BEGIN Provided material

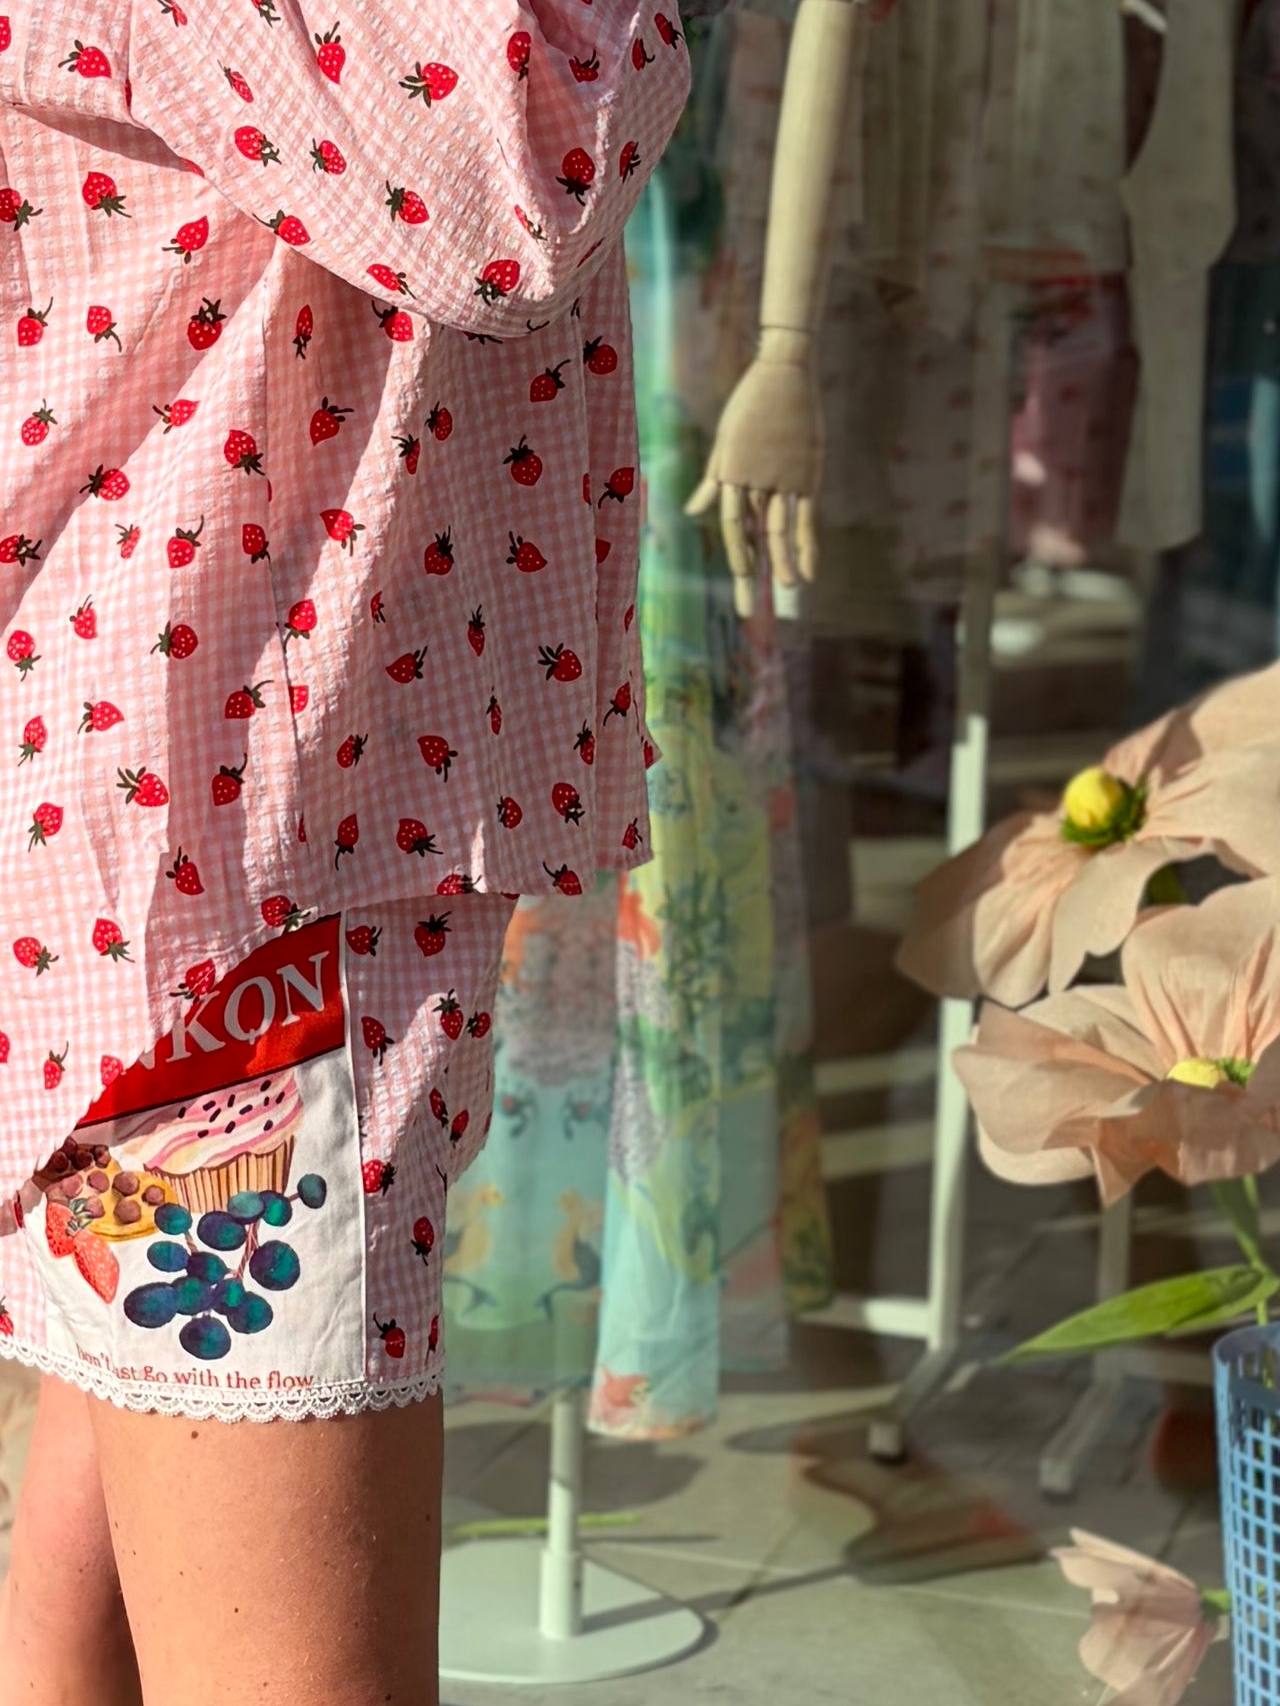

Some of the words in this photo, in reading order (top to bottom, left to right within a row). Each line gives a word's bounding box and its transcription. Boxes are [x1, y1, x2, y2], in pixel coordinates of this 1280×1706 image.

[143, 1365, 168, 1383] go
[174, 1367, 219, 1388] with
[226, 1371, 261, 1390] the
[266, 1370, 314, 1390] flow
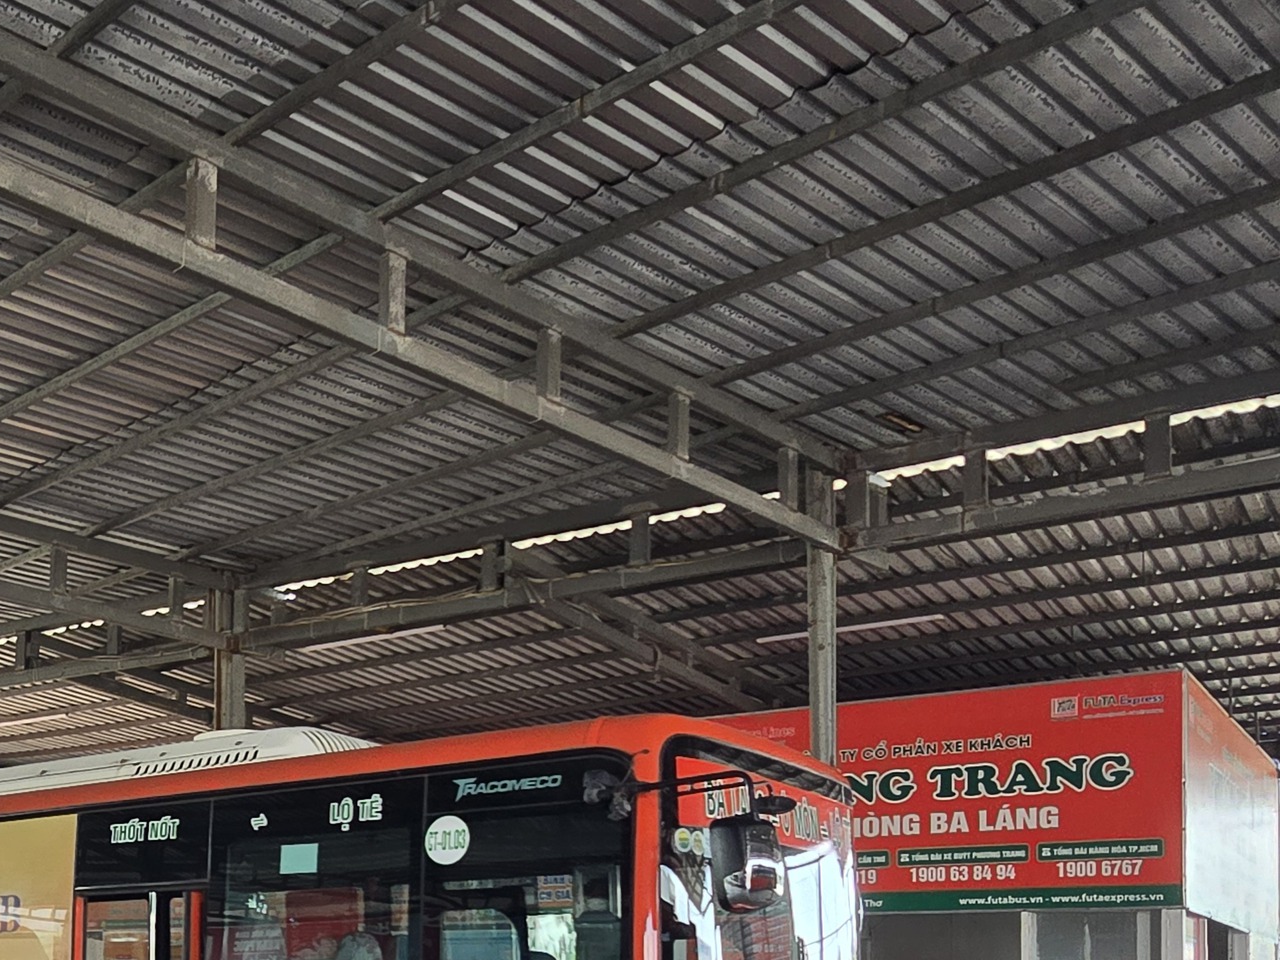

END Provided material

#### Your instructions:
Before you return the listing, strip out its pictures; all else must match exactly.

#### Result of the task:
Some of the words in this photo, in reading order (top to bottom, left to right within a row). Each line gives a word's bounding box and its transcription. Boxes are [x1, y1, x2, y2], in pixel coordinates of this 1280×1706 image.

[143, 1365, 168, 1383] go
[174, 1367, 219, 1388] with
[226, 1371, 261, 1390] the
[266, 1370, 314, 1390] flow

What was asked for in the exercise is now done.